Les arts méritent une place particulière dans notre Recueil. Nous la leur assurerons à l'avenir. L'ouverture récente du Salon de 1859 nous fournira tout naturellement aujourd'hui le sujet de notre première CHRONIQUE ARTISTIQUE.

La dernière guerre d'Orient, à laquelle sont désormais attachés tant de souvenirs et d'événements historiques, a fourni au Salon une série assez considérable de peintures qui, sans manquer sous plusieurs rapports d'un certain mérite, ne sortent pas pour la plupart du cercle si difficile à franchir de la médiocrité.

Cette appréciation est peut-être un peu trop générale. Plusieurs toiles ont droit à une citation hors ligne dans l'énumération de ce vaste tohou-bohou de productions artistiques exposées au Palais de l'Industrie. La Prise de la gorge de Malakoff, par M. Adolphe

Yvon, doit notamment être comprise parmi les exceptions. Cette grande toile est remarquable par la sûreté du dessin, l'expression des figures, le groupement heureux des personnages et par la vérité du coloris. C'est sans contredit un des plus beaux tableaux du Salon.
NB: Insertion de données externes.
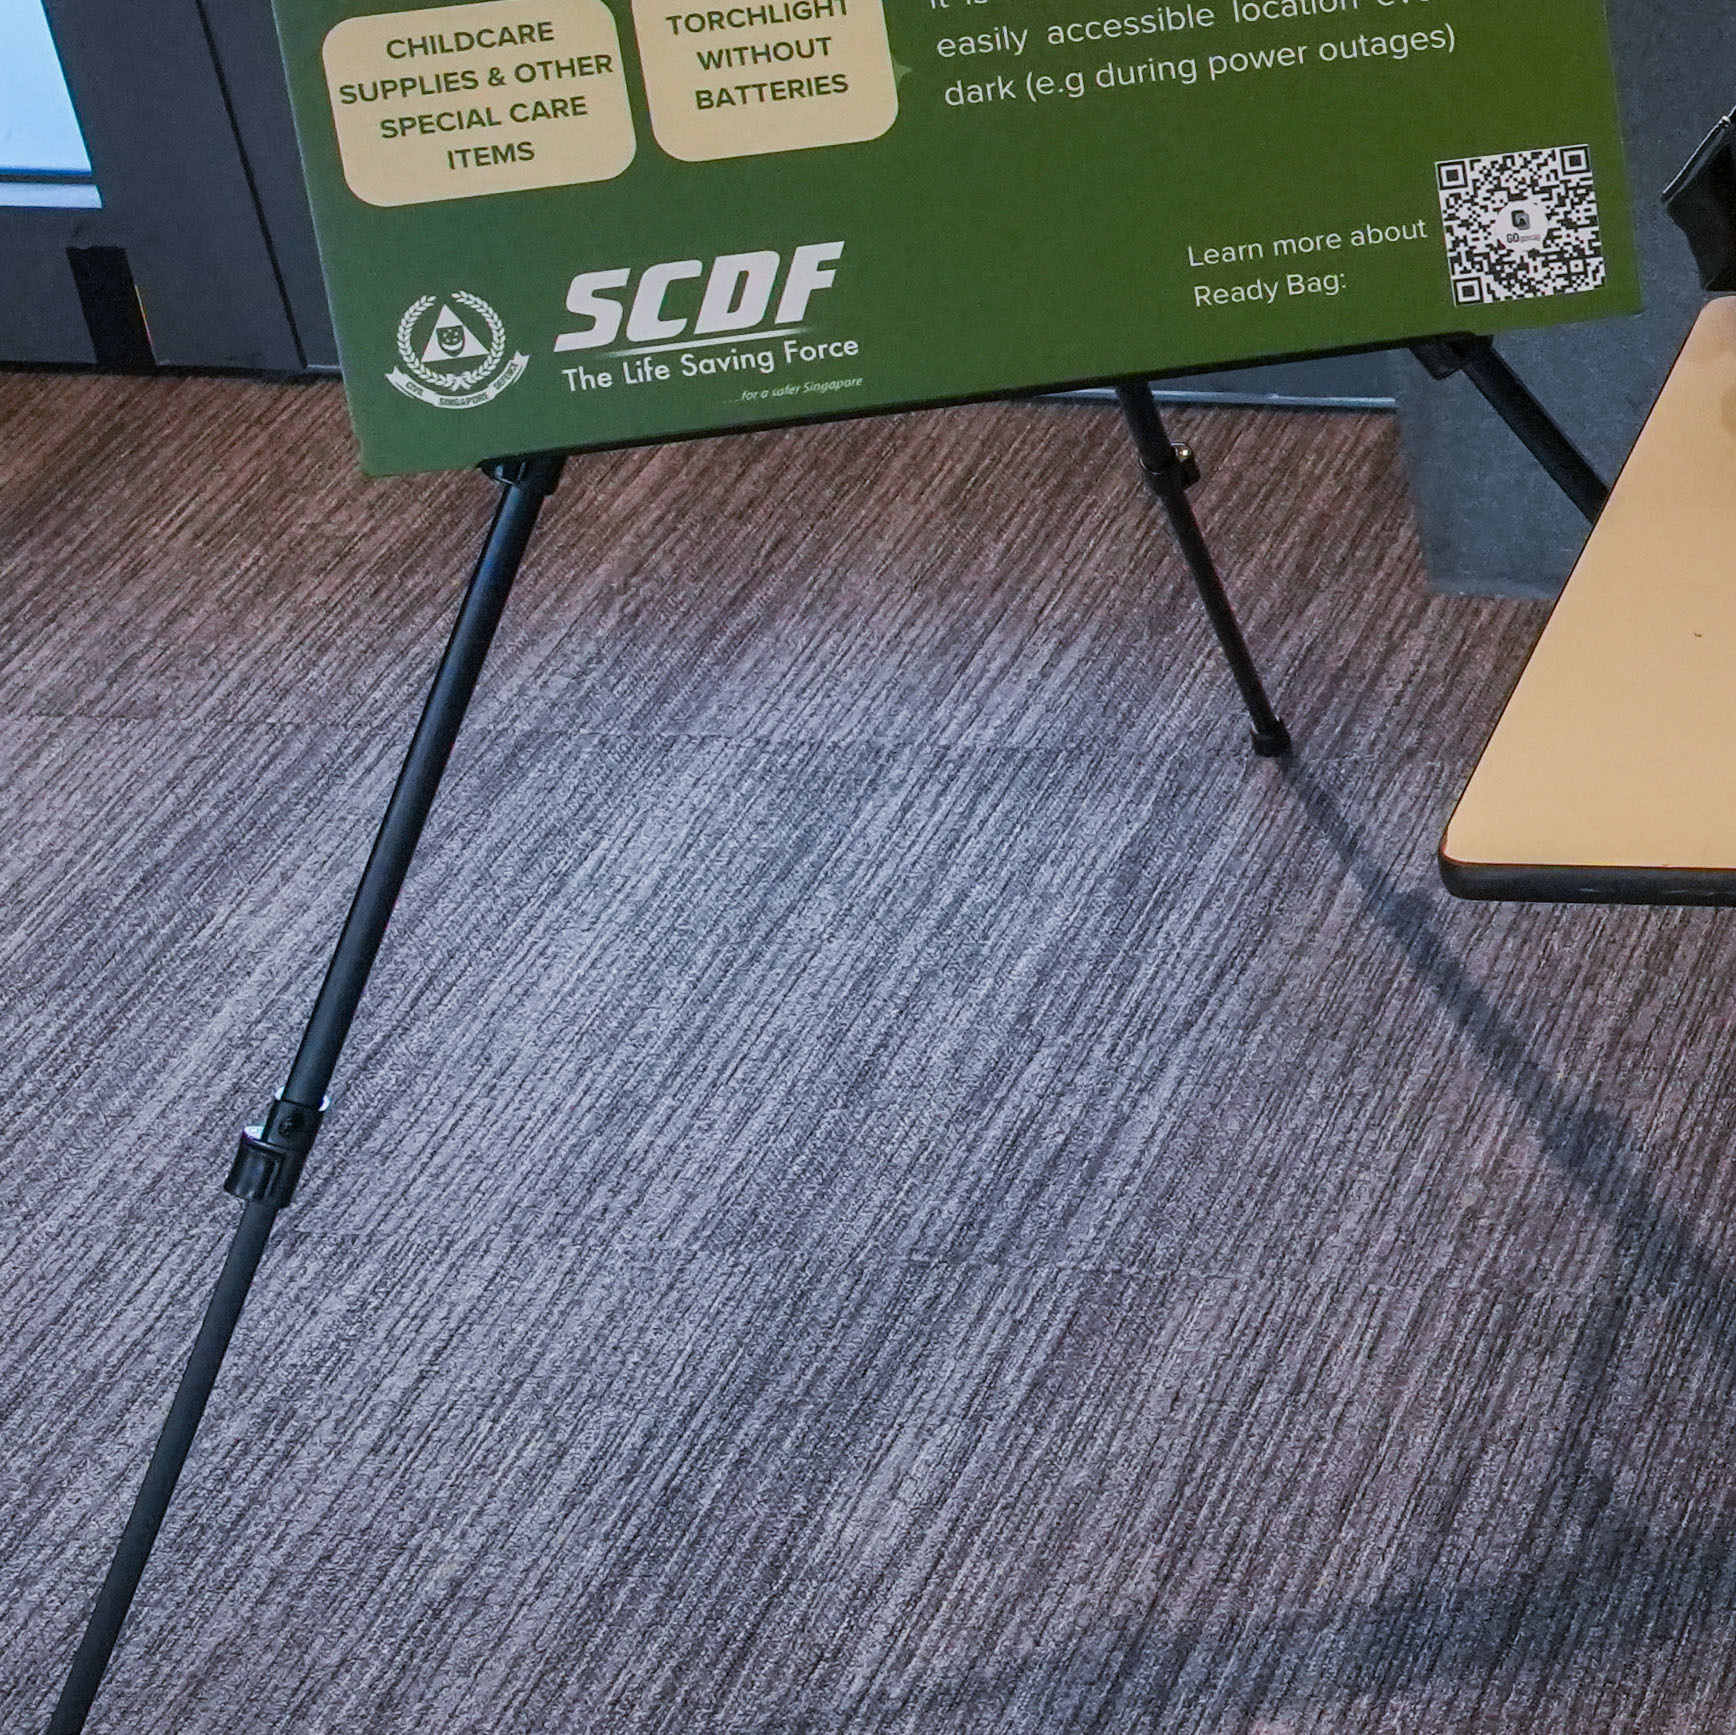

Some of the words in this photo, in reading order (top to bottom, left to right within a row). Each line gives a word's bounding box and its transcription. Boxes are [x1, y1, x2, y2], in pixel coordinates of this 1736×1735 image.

[386, 21, 555, 60] CHILDCARE
[936, 25, 1028, 58] easily
[1047, 3, 1215, 45] accessible
[696, 36, 832, 71] WITHOUT
[944, 75, 1017, 106] dark
[1026, 71, 1085, 103] (e.g
[1095, 57, 1197, 88] during
[1208, 45, 1308, 81] power
[1318, 22, 1455, 62] outages)
[339, 69, 479, 105] SUPPLIES
[487, 66, 507, 87] &
[514, 54, 614, 84] OTHER
[695, 73, 849, 110] BATTERIES
[380, 106, 502, 139] SPECIAL
[509, 95, 588, 123] CARE
[447, 141, 535, 170] ITEMS
[1187, 242, 1264, 267] Learn
[1272, 232, 1342, 257] more
[1350, 218, 1428, 247] about
[553, 240, 845, 353] SCDF
[1193, 278, 1279, 307] Ready
[1286, 273, 1347, 296] Bag:
[561, 365, 613, 392] The
[622, 356, 671, 385] Life
[680, 348, 775, 377] Saving
[783, 339, 859, 364] Force
[803, 377, 864, 394] Singapore
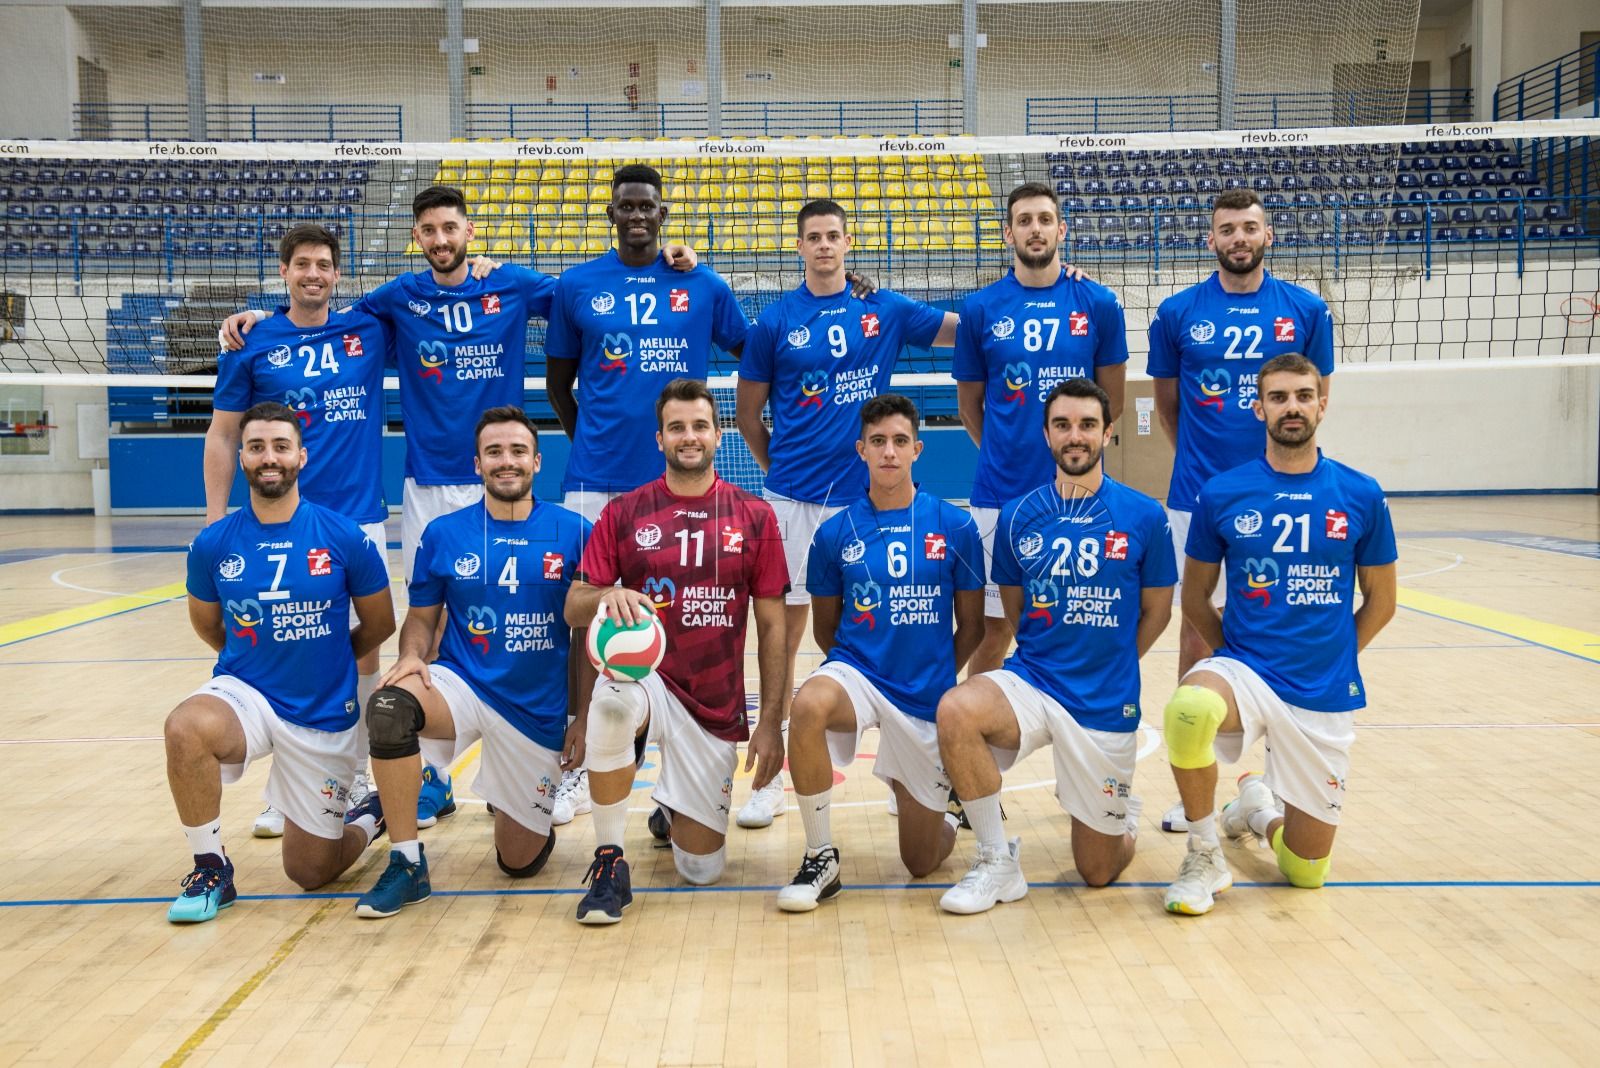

Parmi les autres peintures de notre ressort, remarquables à divers titres, nous citerons de M. Ad. Beaucé, le Combat de Kanghil (29 septembre 1855), où se distingua la cavalerie française; de M. Alfred Rigo, le Général Canrobert visitant une tranchée attaquée la nuit par les Russes; de M. Michel Lapaty, le Portrait d'Omer-Pacha; de M. Jules Laure, les portraits du Prince Alexandre Handjéri, ancien hospodar de Moldavie, et de la Princesse Catherine Handjéri-Vlangali; de M. Eugène Giraud, des Femmes d'Alger dans l'intérieur d'une cour, tableau gracieux, mais dans lequel on a à reprocher une certaine roideur dans le maintien des personnages; de M. Félix Ziem, deux très-jolies Vues de Constantinople; etc., etc.

Le Salon de cette année, s'il devait être considéré comme le résumé des meilleurs produits des artistes contemporains, signalerait sans contredit une décadence regrettable dans l'art français. Mais heureusement nous pouvons constater le fait que les maîtres ont pour la plupart négligé cette année d'envoyer leurs œuvres à cet immense concours, qui ne comprend pas moins de 3,045 toiles et de 470 statues. Ce sera donc plutôt par allusion au Salon de 1859 qu'à l'art contemporain, en général, que nous ferons écho à cette sévère, mais malheureusement trop juste exclamation du tribunal du public : « Hélas! »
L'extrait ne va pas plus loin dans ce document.